Ambrosia Bakery out of Baton Rouge is renowned for their Zulu style king cakes.

Ambrosia Bakery out of Baton Rouge is renowned for their Zulu style king cakes.

Symbolism of Colors and Shapes, With a Hint of New Orleans Lore

The king cake is somewhat an allegory of the Epiphany season and what it stands for. The extensive detailing that makes up what might seem like a wildly-decorated pastry is all meant to represent one thing or another, with some of these elements subject to several theories.

Color Symbolism

The colors on the king cake are recognized as the Mardi Gras colors: purple, green, and gold. They were chosen by one of Mardi Gras' premiere krewes, Rex, in 1872. While one widely accepted belief is that they were chosen to resemble the colors on a jeweled crown honoring the Wise Men who visited Jesus on Epiphany, others theorize that the colors were inspired by the house colors of the Russian Grand Duke, who happened to be visiting that same year.

  • Purple = justice
  • Green = faith
  • Gold = power

The Oval Shape

The oval shape is also one that has a variety of theories behind its meaning. My father, a 5th generation New Orleans native, always understood it to symbolize eternity. It is also understood, however, to mimic the crown of a king, or symbolize the unity of faiths. Some even believe the shape originated to resemble the circular route the Magi took on their way to see the Christ child.

The Baby

Probably the most self-explanatory of the king cake's characteristics, the tiny plastic baby hidden inside is symbolic of baby Jesus and his physical manifestation to the gentiles—a religious connection to Kings' Day.

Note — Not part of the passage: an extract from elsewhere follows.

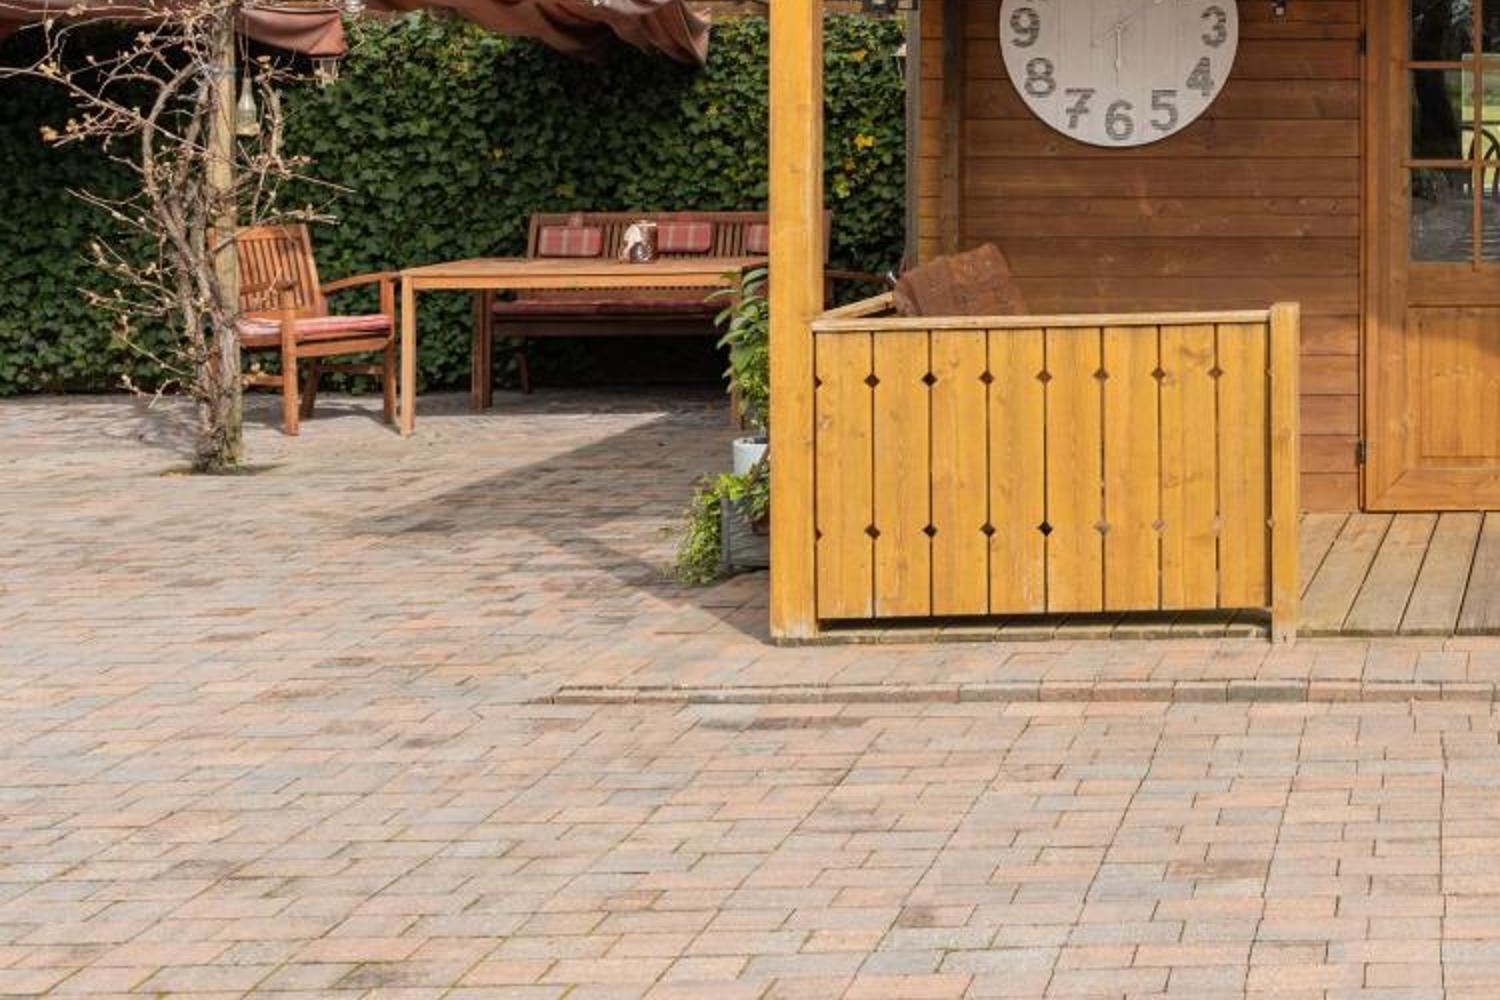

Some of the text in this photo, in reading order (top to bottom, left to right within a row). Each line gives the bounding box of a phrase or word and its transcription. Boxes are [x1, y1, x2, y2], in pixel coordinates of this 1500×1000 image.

In the past, trinkets such as coins, beans, pecans, or peas were used. As mentioned earlier, some Mardi Gras krewes determined who would be crowned king or queen by who wound up with the prize inside the king cake—which sometimes carried no religious connotation at all. One such krewe was the Twelfth Night Revelers during the 19th century, when slices of king cake, each containing a silver bean, save for one whose enclosed bean was gold, were distributed among its members. Whoever ended up with the gold bean in their king cake was queen.

Beyond the Carnival

Various New Orleans bakeries have expanded their king cake repertoire to cover every holiday, including Christmas, Easter, St. Paddy's Day, and 4th of July. Several bakeries, such as Haydel's, even offer a special black-and-gold king cake in a fleur-de-lis shape for Saints football season.

Though it sounds tempting, not everyone can jump on board with year-round consumption. Many New Orleanians believe king cake should not be consumed outside of Carnival Season. There is even a local superstition that if one enjoys king cake outside of its traditional time frame, it will rain on Mardi Gras.

Where to Buy and Best Recipes

Which One Is Your Favorite?

Comments

Ehren E Grunewald (author) from New Orleans / NC on February 24, 2020:

@peggy-w: Glad you enjoyed the article! I saw the photos online and it looks like Galveston had quite an event!

Peggy Woods from Houston, Texas on February 24, 2020:

Thanks for filling in some facts about the history and symbolism of the King Cake. Galveston just had its Mardi Gras celebration this past weekend. It is widely publicized in our part of the state.

Ehren E Grunewald (author) from New Orleans / NC on January 16, 2020:

@FlourishAway: Thanks for stopping by! Always happy to bring back memories of Louisiana!

FlourishAnyway from USA on January 16, 2020:

I lived in Alexandria for a year right after graduating from college. I loved Louisiana and the different culture, having grown up in South Carolina. This brought back some memories.